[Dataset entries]
------------------------------------------------
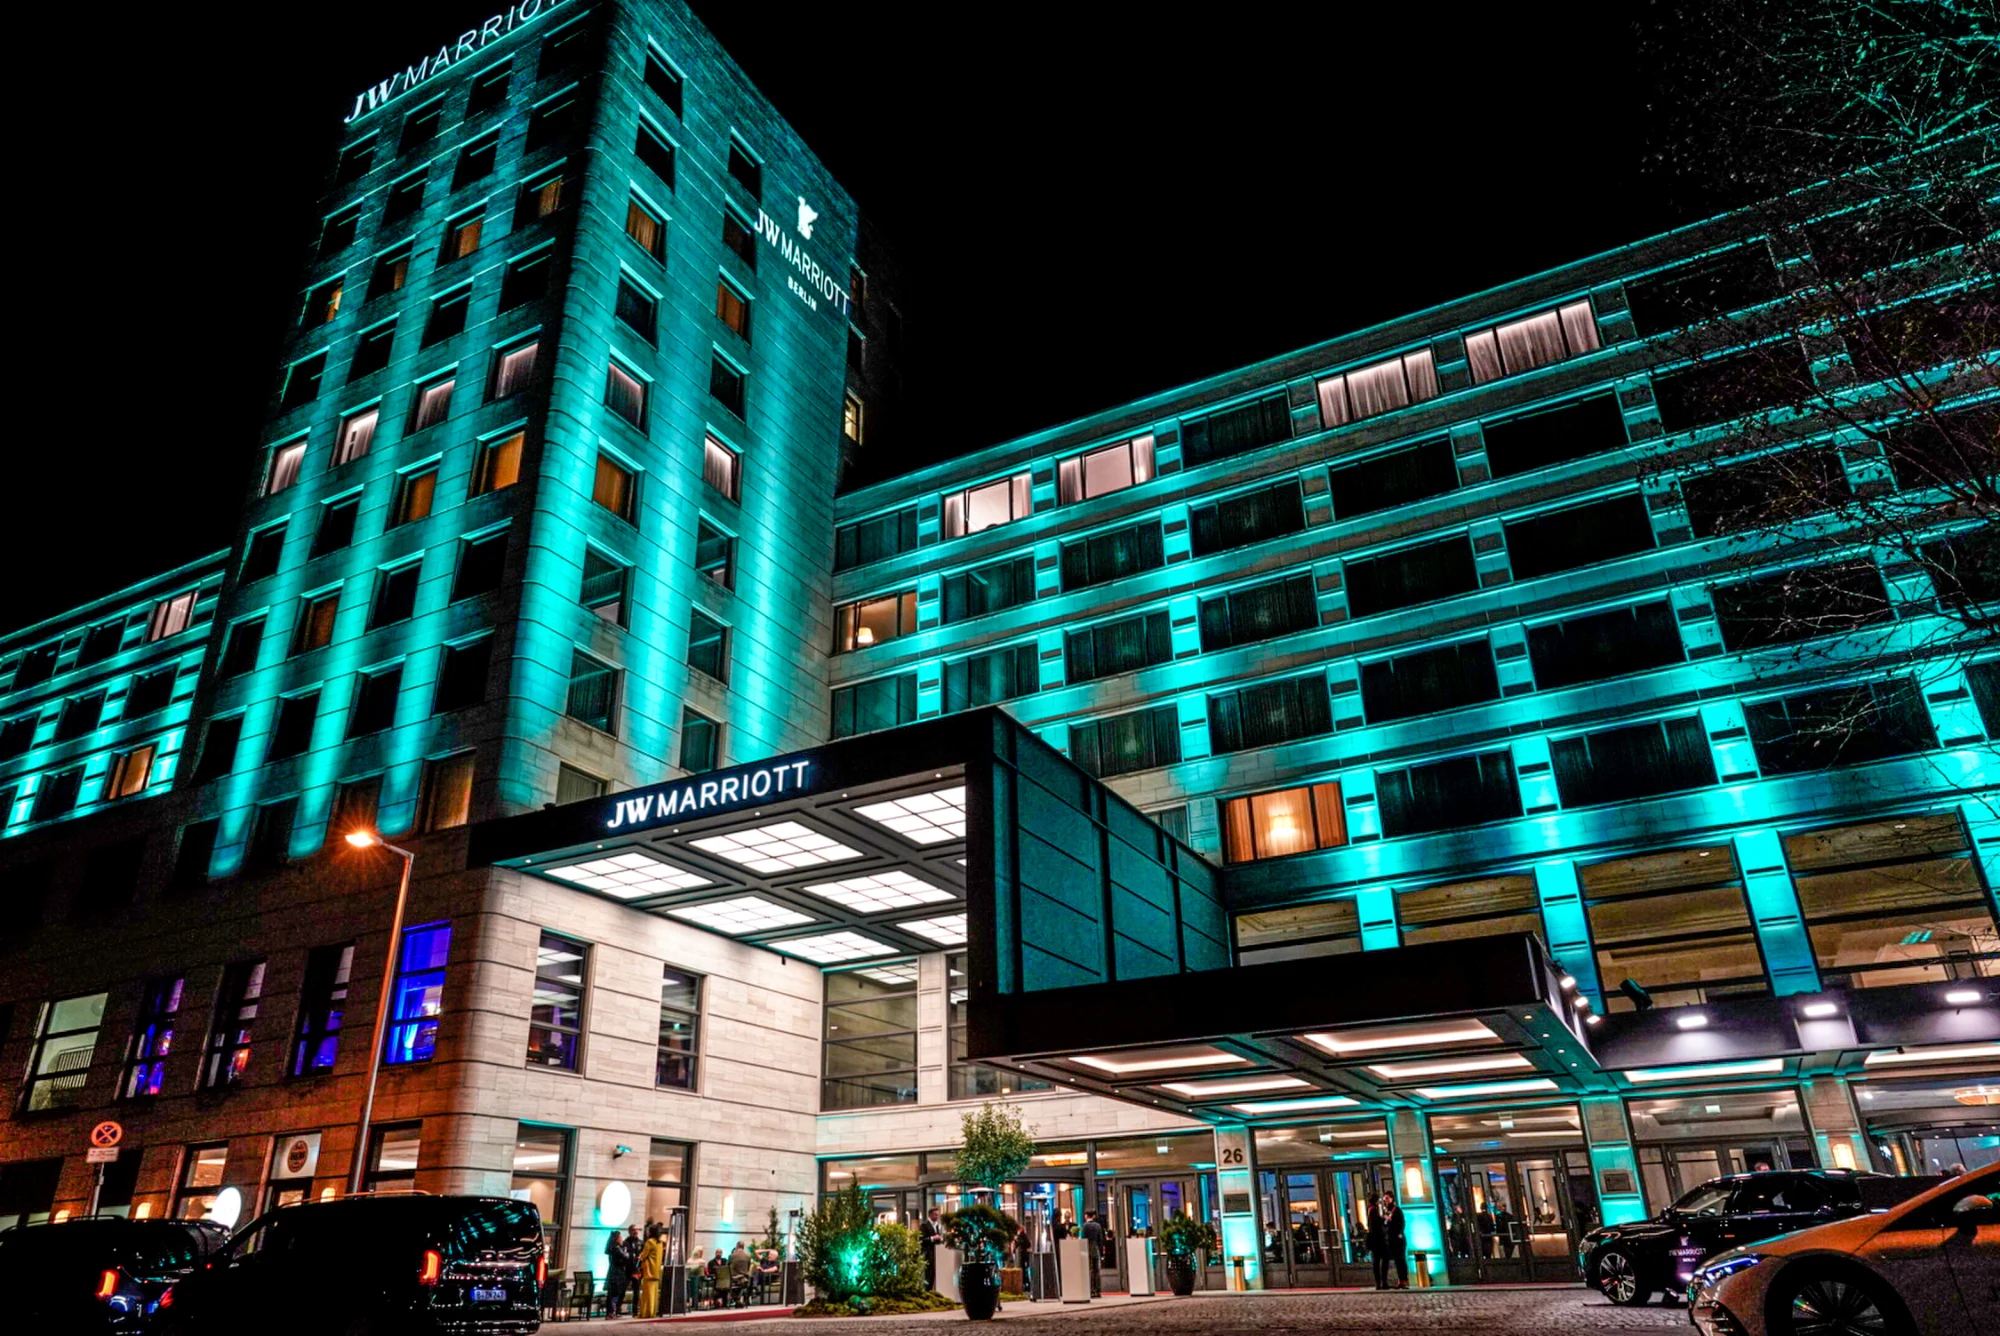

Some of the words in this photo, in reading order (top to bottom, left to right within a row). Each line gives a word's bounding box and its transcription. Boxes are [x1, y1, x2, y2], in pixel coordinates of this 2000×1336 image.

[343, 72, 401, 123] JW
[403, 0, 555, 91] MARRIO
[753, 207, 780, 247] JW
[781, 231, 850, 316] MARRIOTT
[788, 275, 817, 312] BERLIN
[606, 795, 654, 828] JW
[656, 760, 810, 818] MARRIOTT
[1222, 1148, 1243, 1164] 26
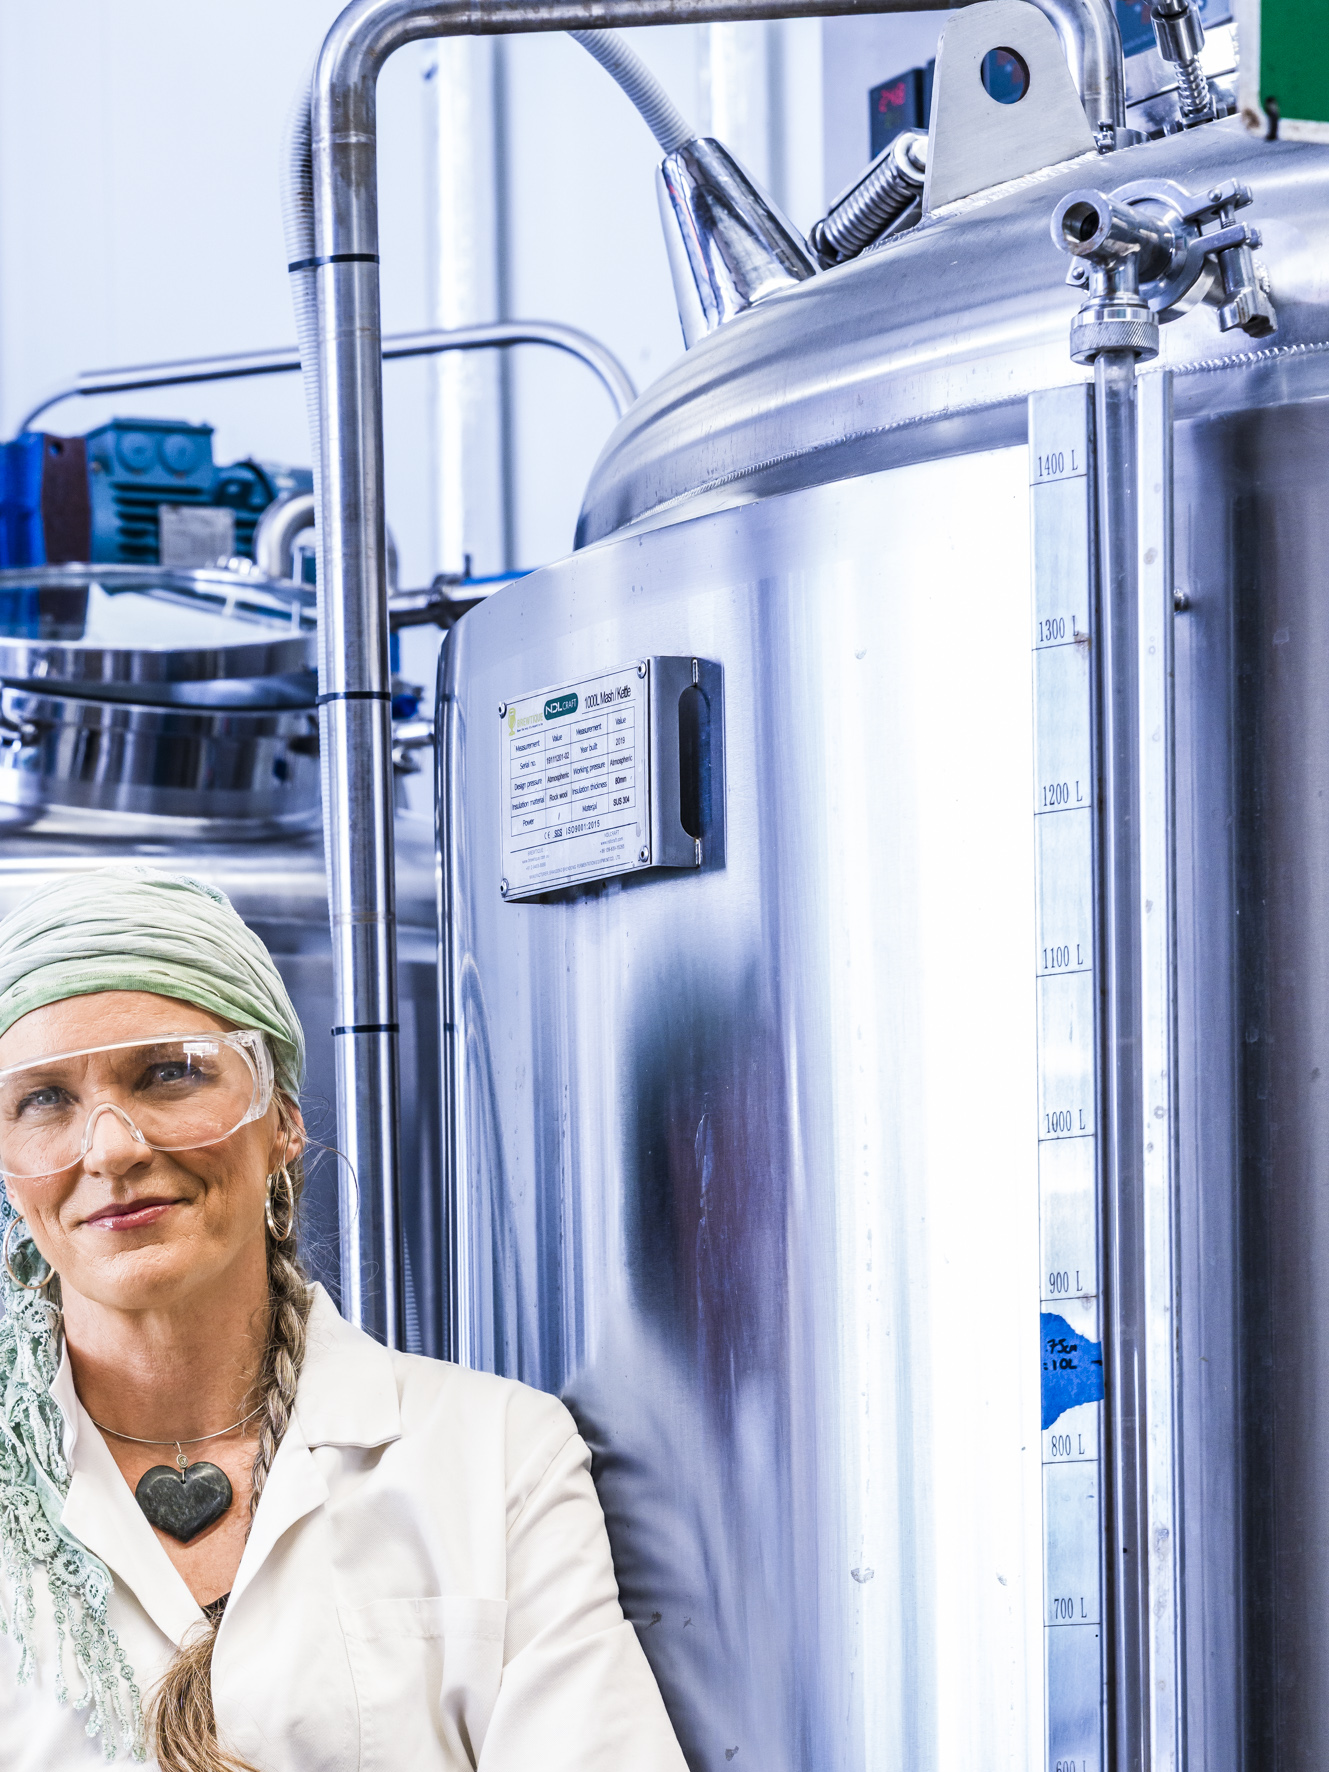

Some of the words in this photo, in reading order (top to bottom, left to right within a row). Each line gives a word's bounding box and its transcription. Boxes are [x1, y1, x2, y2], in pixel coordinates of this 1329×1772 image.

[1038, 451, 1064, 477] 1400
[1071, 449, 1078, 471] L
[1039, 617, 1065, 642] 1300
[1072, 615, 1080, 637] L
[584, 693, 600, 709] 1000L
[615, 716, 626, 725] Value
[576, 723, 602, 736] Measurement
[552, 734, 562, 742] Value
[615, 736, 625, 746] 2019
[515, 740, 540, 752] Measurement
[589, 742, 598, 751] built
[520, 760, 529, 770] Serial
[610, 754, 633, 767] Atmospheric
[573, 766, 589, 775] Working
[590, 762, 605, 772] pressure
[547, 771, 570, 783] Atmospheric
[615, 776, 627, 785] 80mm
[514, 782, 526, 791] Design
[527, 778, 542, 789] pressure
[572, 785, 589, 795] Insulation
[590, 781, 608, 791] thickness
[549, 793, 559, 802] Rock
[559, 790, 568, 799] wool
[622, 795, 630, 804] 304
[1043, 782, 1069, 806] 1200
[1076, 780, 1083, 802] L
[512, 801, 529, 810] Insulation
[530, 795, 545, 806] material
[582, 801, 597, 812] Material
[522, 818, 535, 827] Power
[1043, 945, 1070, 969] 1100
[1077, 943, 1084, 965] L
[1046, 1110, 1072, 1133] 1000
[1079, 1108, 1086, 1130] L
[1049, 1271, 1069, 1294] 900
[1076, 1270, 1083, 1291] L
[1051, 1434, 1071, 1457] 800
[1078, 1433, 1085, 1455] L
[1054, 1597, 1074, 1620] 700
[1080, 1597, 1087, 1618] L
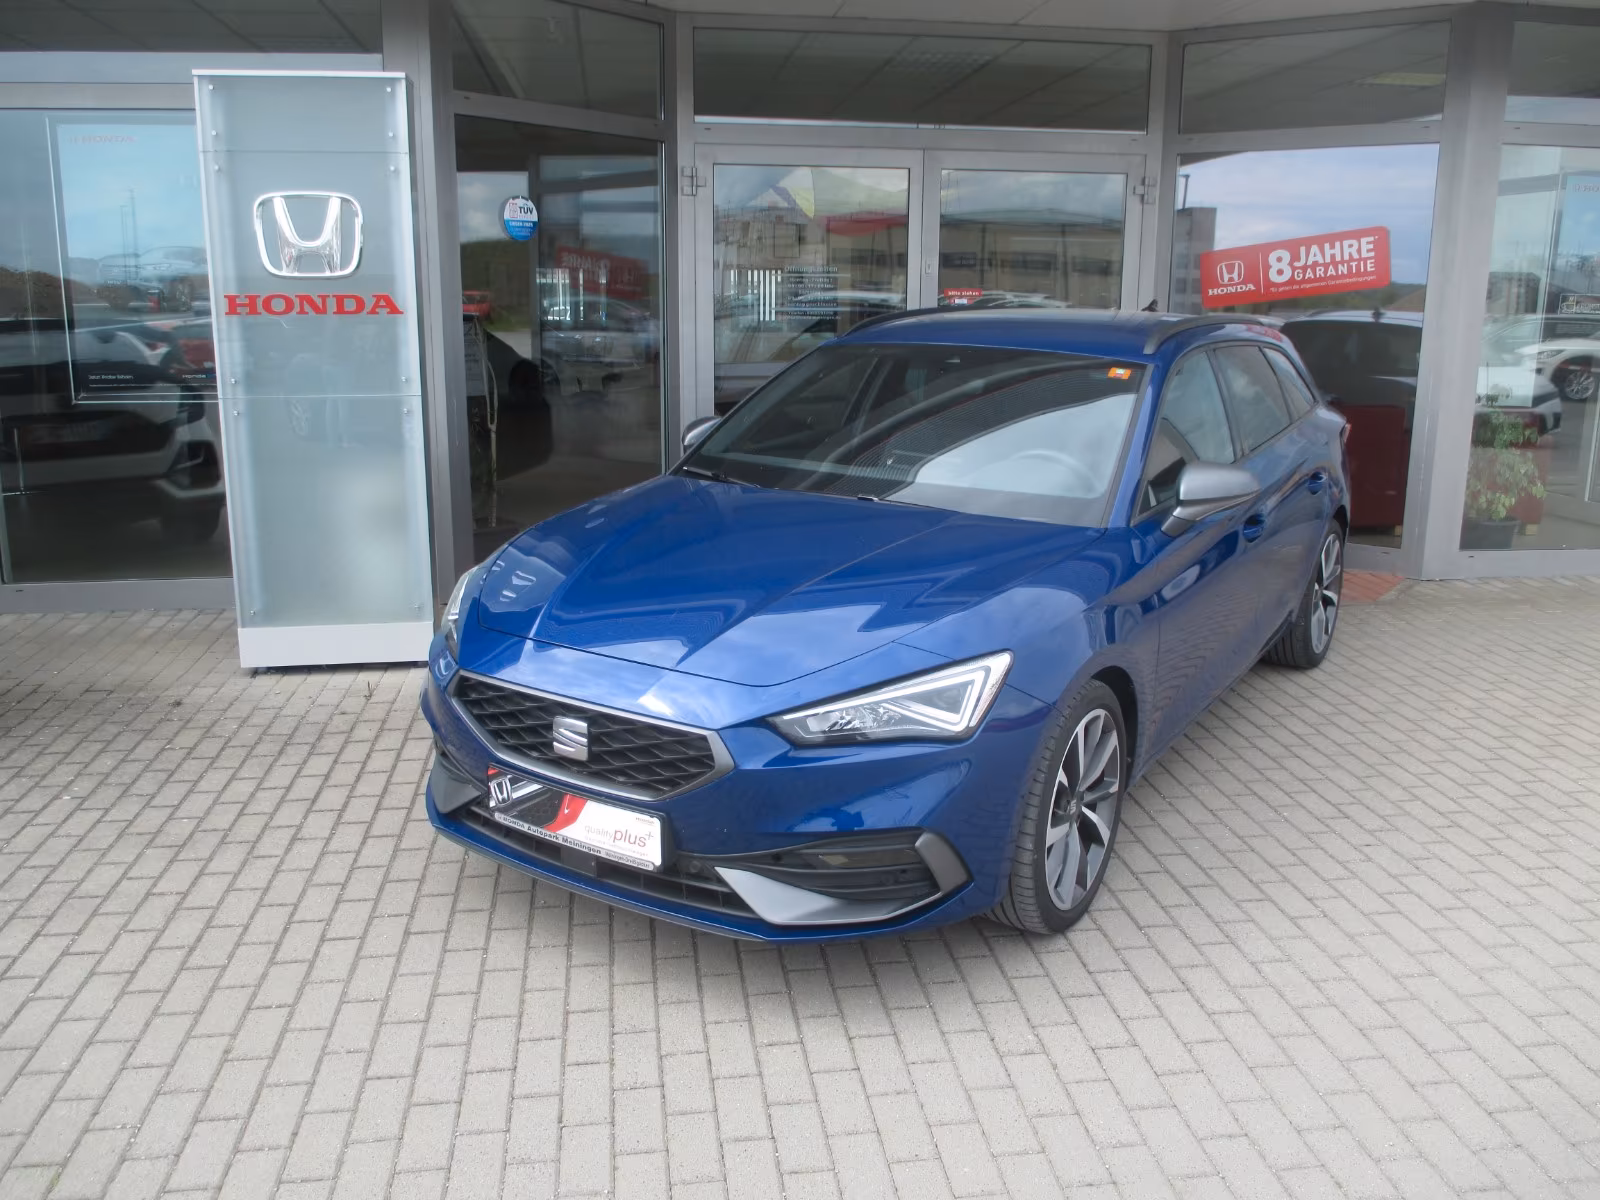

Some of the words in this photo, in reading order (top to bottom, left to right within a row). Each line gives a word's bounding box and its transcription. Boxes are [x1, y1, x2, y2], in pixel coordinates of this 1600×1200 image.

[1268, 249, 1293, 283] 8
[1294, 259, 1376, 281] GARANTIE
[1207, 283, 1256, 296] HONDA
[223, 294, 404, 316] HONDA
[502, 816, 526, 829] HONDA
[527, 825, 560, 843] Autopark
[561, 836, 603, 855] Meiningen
------------------------------------------------
▸ **The problem**
Copy the entries exactly. Leave the pictures out.

▸ **Exercise response**
Some of the words in this photo, in reading order (top to bottom, left to right within a row). Each line gives a word's bounding box and its transcription. Boxes are [x1, y1, x2, y2], in pixel coordinates of this 2000×1336 image.

[343, 72, 401, 123] JW
[403, 0, 555, 91] MARRIO
[753, 207, 780, 247] JW
[781, 231, 850, 316] MARRIOTT
[788, 275, 817, 312] BERLIN
[606, 795, 654, 828] JW
[656, 760, 810, 818] MARRIOTT
[1222, 1148, 1243, 1164] 26

Some of the words in this photo, in reading order (top to bottom, left to right within a row). Each line gives a word's bounding box and its transcription. Boxes are [x1, y1, x2, y2], in pixel coordinates of this 1329×1772 image.

[1038, 451, 1064, 477] 1400
[1071, 449, 1078, 471] L
[1039, 617, 1065, 642] 1300
[1072, 615, 1080, 637] L
[584, 693, 600, 709] 1000L
[615, 716, 626, 725] Value
[576, 723, 602, 736] Measurement
[552, 734, 562, 742] Value
[615, 736, 625, 746] 2019
[515, 740, 540, 752] Measurement
[589, 742, 598, 751] built
[520, 760, 529, 770] Serial
[610, 754, 633, 767] Atmospheric
[573, 766, 589, 775] Working
[590, 762, 605, 772] pressure
[547, 771, 570, 783] Atmospheric
[615, 776, 627, 785] 80mm
[514, 782, 526, 791] Design
[527, 778, 542, 789] pressure
[572, 785, 589, 795] Insulation
[590, 781, 608, 791] thickness
[549, 793, 559, 802] Rock
[559, 790, 568, 799] wool
[622, 795, 630, 804] 304
[1043, 782, 1069, 806] 1200
[1076, 780, 1083, 802] L
[512, 801, 529, 810] Insulation
[530, 795, 545, 806] material
[582, 801, 597, 812] Material
[522, 818, 535, 827] Power
[1043, 945, 1070, 969] 1100
[1077, 943, 1084, 965] L
[1046, 1110, 1072, 1133] 1000
[1079, 1108, 1086, 1130] L
[1049, 1271, 1069, 1294] 900
[1076, 1270, 1083, 1291] L
[1051, 1434, 1071, 1457] 800
[1078, 1433, 1085, 1455] L
[1054, 1597, 1074, 1620] 700
[1080, 1597, 1087, 1618] L

Some of the words in this photo, in reading order (top to bottom, left to right within a row). Each line gives a word's bounding box and its transcription. Boxes are [x1, y1, x2, y2], in pixel coordinates of this 1600×1200 image.

[1268, 249, 1293, 283] 8
[1294, 259, 1376, 281] GARANTIE
[1207, 283, 1256, 296] HONDA
[223, 294, 404, 316] HONDA
[502, 816, 526, 829] HONDA
[527, 825, 560, 843] Autopark
[561, 836, 603, 855] Meiningen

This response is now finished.